-- THE PROBLEM --
Without the pictures, write the listing out again exactly as it appears.

[SUPPLIED RECORDS Boundary: Start]

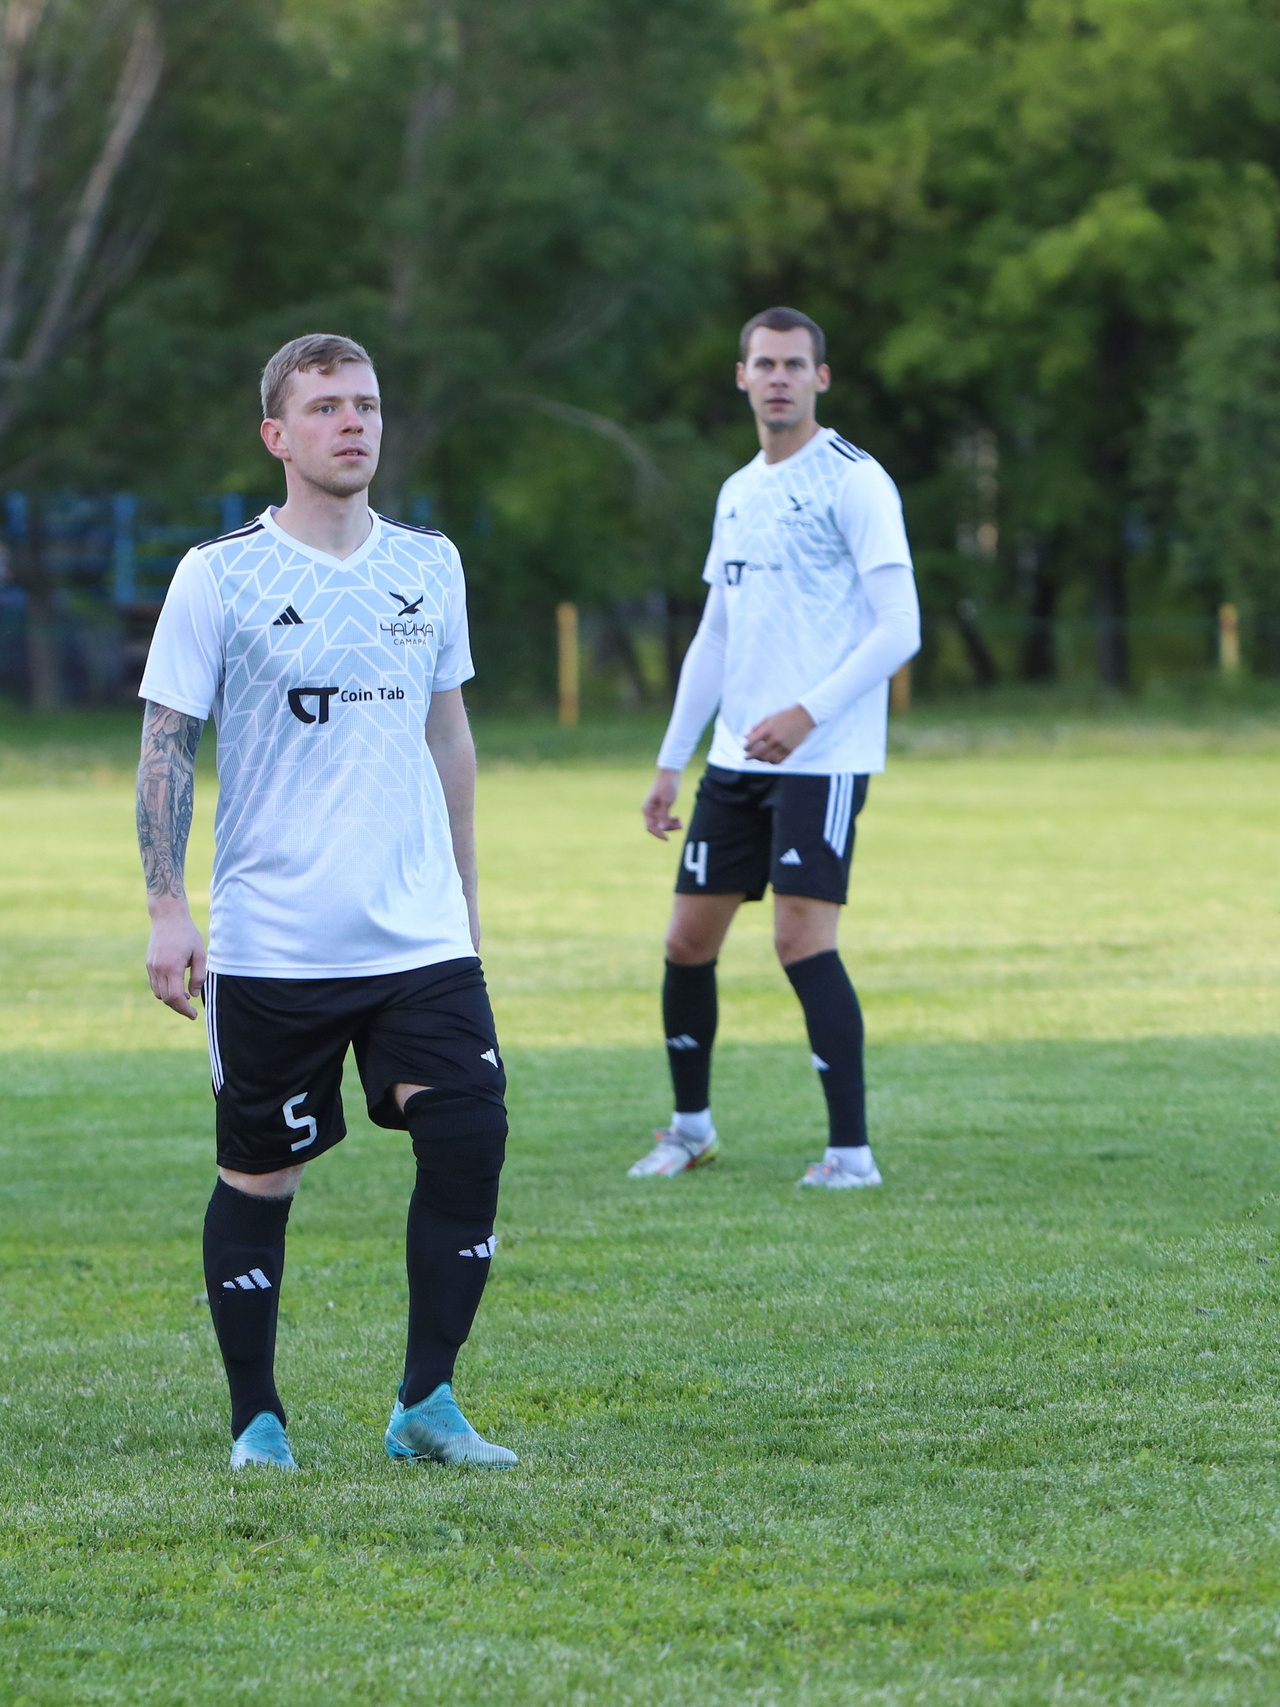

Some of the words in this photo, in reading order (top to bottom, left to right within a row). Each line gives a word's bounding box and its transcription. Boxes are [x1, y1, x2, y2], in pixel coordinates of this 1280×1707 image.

[380, 619, 433, 637] ЧАЙКА
[393, 638, 427, 646] САМАРА
[341, 688, 373, 703] Coin
[377, 686, 405, 700] Tab
[684, 840, 708, 886] 4
[282, 1091, 318, 1152] 5
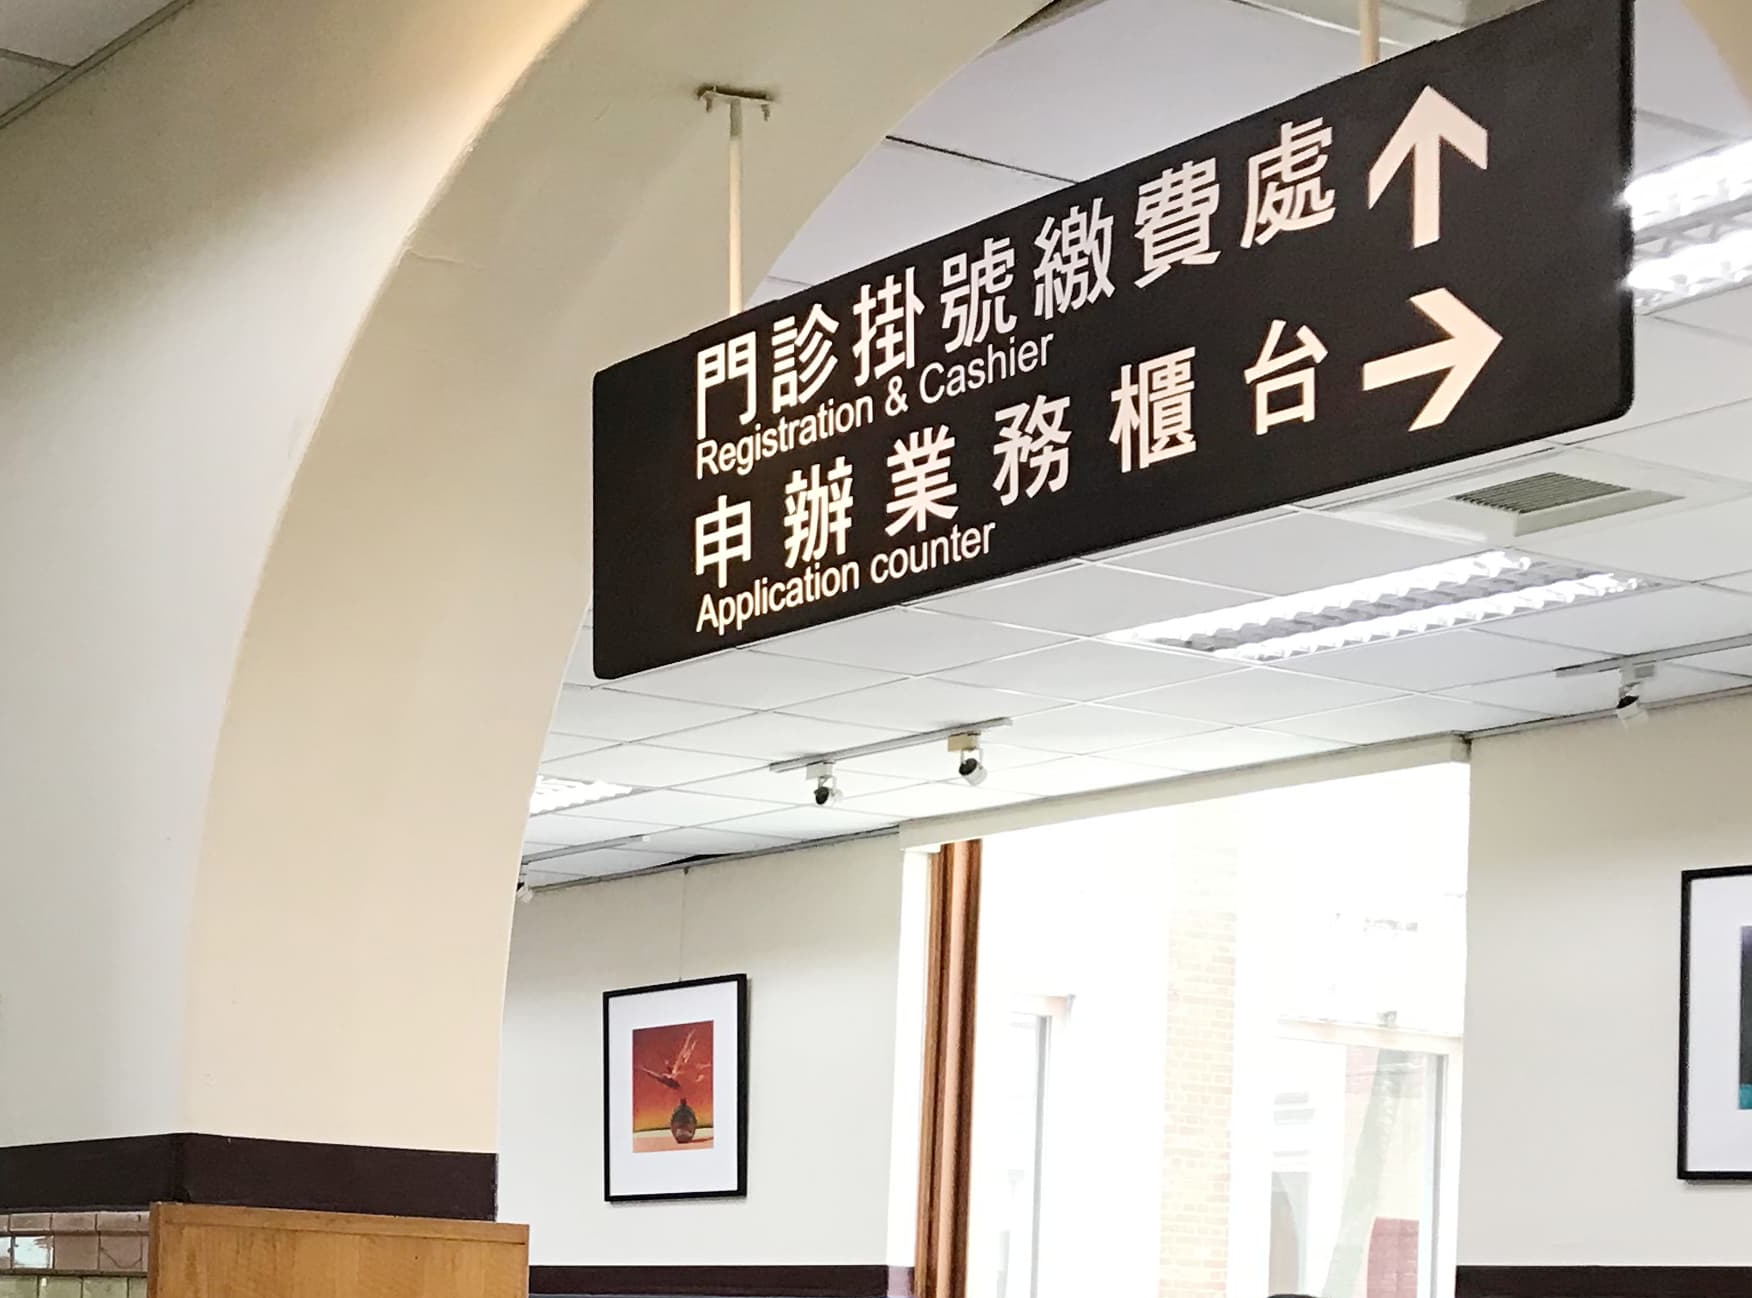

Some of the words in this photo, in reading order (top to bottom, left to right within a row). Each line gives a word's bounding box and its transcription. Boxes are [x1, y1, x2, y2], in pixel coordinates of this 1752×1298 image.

[694, 115, 1337, 440] 門診掛號繳費處
[692, 318, 1330, 591] 申辦業務櫃台
[696, 393, 875, 479] Registration
[884, 378, 910, 415] &
[918, 326, 1055, 406] Cashier
[696, 562, 860, 633] Application
[870, 519, 996, 584] counter

[SUPPLIED RECORDS Boundary: End]

-- TASK RESULT --
Some of the words in this photo, in reading order (top to bottom, left to right within a row). Each line gives a word's bounding box and its transcription. Boxes are [x1, y1, x2, y2], in pixel coordinates of this 1280×1707 image.

[380, 619, 433, 637] ЧАЙКА
[393, 638, 427, 646] САМАРА
[341, 688, 373, 703] Coin
[377, 686, 405, 700] Tab
[684, 840, 708, 886] 4
[282, 1091, 318, 1152] 5

Some of the words in this photo, in reading order (top to bottom, left to right within a row). Each line gives a word's bounding box and its transcription. Boxes are [x1, y1, x2, y2], in pixel coordinates of this 1752×1298 image.

[694, 115, 1337, 440] 門診掛號繳費處
[692, 318, 1330, 591] 申辦業務櫃台
[696, 393, 875, 479] Registration
[884, 378, 910, 415] &
[918, 326, 1055, 406] Cashier
[696, 562, 860, 633] Application
[870, 519, 996, 584] counter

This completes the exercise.